While the team have undertaken many quality improvement initiatives, setting up a new service required more specialist knowledge in quality improvement methodology. The early stages of the Q Lab – for example, process mapping – helped to better predict potential problems and consider solutions. Engaging key stakeholders in the process also helped to minimise disruption to the project’s goals. 

Results

The project achieved its key goal of improving access to preoperative pain management appointments.

Other successes include:

  • 60%
    Average opioid reduction, significantly mitigating the perioperative risk
  • 23 days
    Clinic waiting time, reduced from 8 months
  • greater than 80% patient engagement with the clinic, with a negligible did-not-attend rate
  • positive patient feedback, with 100% recommending the service to others
  • positive staff feedback, with preoperative staff noting it was reassuring to know the service existed to support them
  • 3,376.8 miles less travelled from carrying out remote consultations, saving around 1,350.7kg of CO2e and the financial costs of travel and parking for our patients
  • presentation of the work at the National Acute Pain Symposium, winning first prize for a poster and presenting orally at the conference
  • wider understanding of socioeconomic factors and how they may play a part in future work
  • team confidence in promoting change management and undertaking quality improvement.
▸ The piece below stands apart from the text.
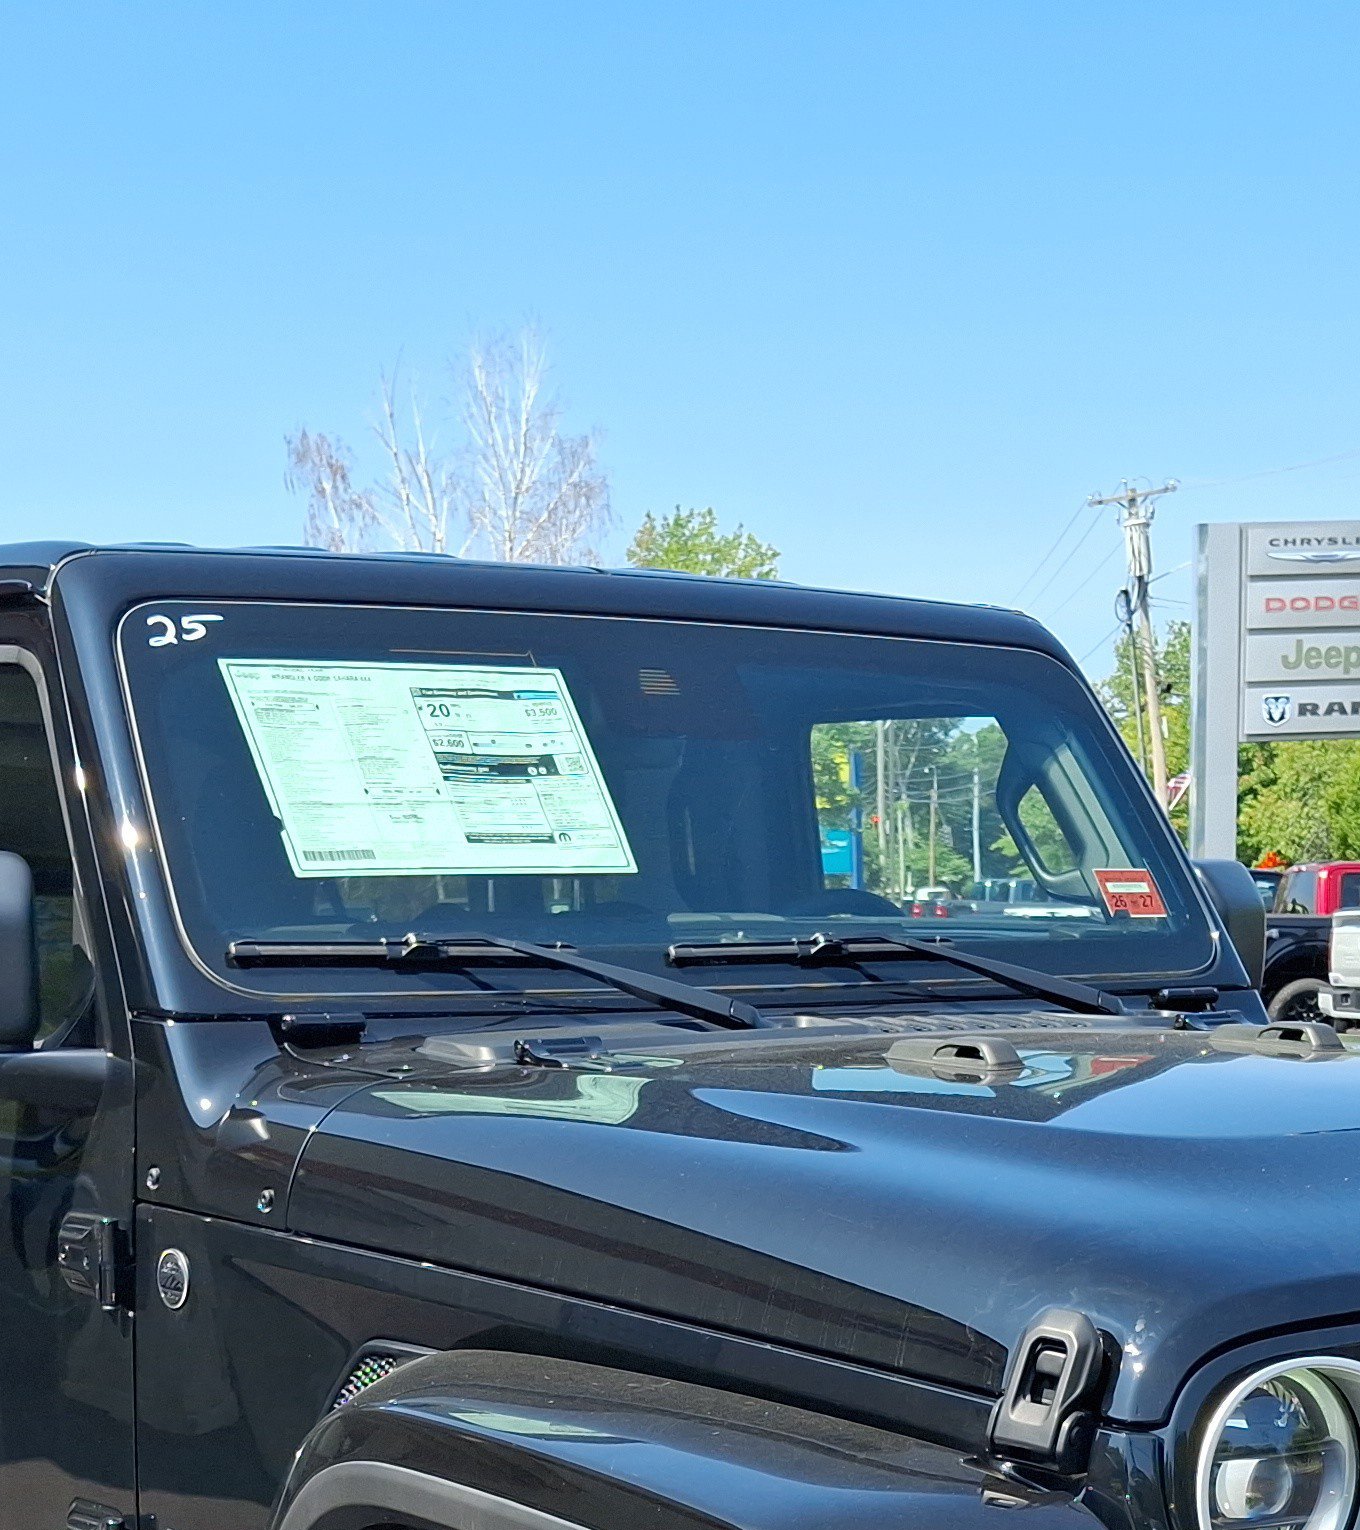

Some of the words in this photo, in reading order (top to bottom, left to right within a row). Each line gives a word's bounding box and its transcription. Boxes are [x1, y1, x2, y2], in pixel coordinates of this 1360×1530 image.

[147, 614, 224, 647] 25
[426, 703, 451, 718] 20
[1111, 894, 1127, 908] 26
[1139, 894, 1154, 908] 27
The project has had an impact at individual, organisation, regional and national levels:

  • Individually, the team are all now more confident managers of change. They continue to utilise skills learned during this process to inform other quality improvement work in the team.
  • At an organisational level, the service has facilitated stronger collaboration with key departments, including preoperative services, anaesthesia and surgical specialties, all aligned in the shared objective of optimising patient outcomes.
  • Regionally, the project has been integral to the formation of Greater Manchester guidance on medicines use after surgery.
  • On a national level, the team’s success at the National Acute Pain Symposium led to significant interest from trusts around the country.

All this was accomplished despite the team being small and all relatively early in their senior careers. This shows that it’s possible to make a big difference where there is a clear goal and sufficient passion and drive.

Lessons

Maintain ongoing engagement with key stakeholders

Providing regular updates and constructive feedback sustains stakeholder motivation and enthusiasm. It is important for staff feedback to be considered and incorporated into service design to help them feel listened to and included.
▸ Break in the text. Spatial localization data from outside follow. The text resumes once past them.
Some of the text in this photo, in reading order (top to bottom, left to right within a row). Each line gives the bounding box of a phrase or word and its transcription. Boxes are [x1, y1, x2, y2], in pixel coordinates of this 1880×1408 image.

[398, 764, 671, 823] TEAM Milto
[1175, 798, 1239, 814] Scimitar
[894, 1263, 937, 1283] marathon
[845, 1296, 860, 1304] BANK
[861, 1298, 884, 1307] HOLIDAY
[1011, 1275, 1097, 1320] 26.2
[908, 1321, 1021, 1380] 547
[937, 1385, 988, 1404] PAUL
Use experience-based co-design

This provides the opportunity to hear patient perspectives, their commentary on needs and how particular options for building a service might best meet these.

Understand cost implications and seek savings

The present financial constraints of the NHS are often cited as reasons to avoid undertaking change management. But this can be overcome with sufficient thought and foresight. Working closely with business intelligence and business management can help. It is also well worth time to seek savings – for example from bed day reduction, reduced failed discharge rate and reduced surgical adverse events.

Maintain a resilient, passionate and interested workforce

Continued support for development and opportunities for team members are essential. 

References

Faculty of Pain Medicine. 2021. Surgery and Opioids: Best Practice Guidelines 2021. London: Faculty of Pain Medicine.

Faculty of Pain Medicine. 2021. Core standards for pain management services in the UK. (2nd edn.) London: Royal College of Anaesthetists.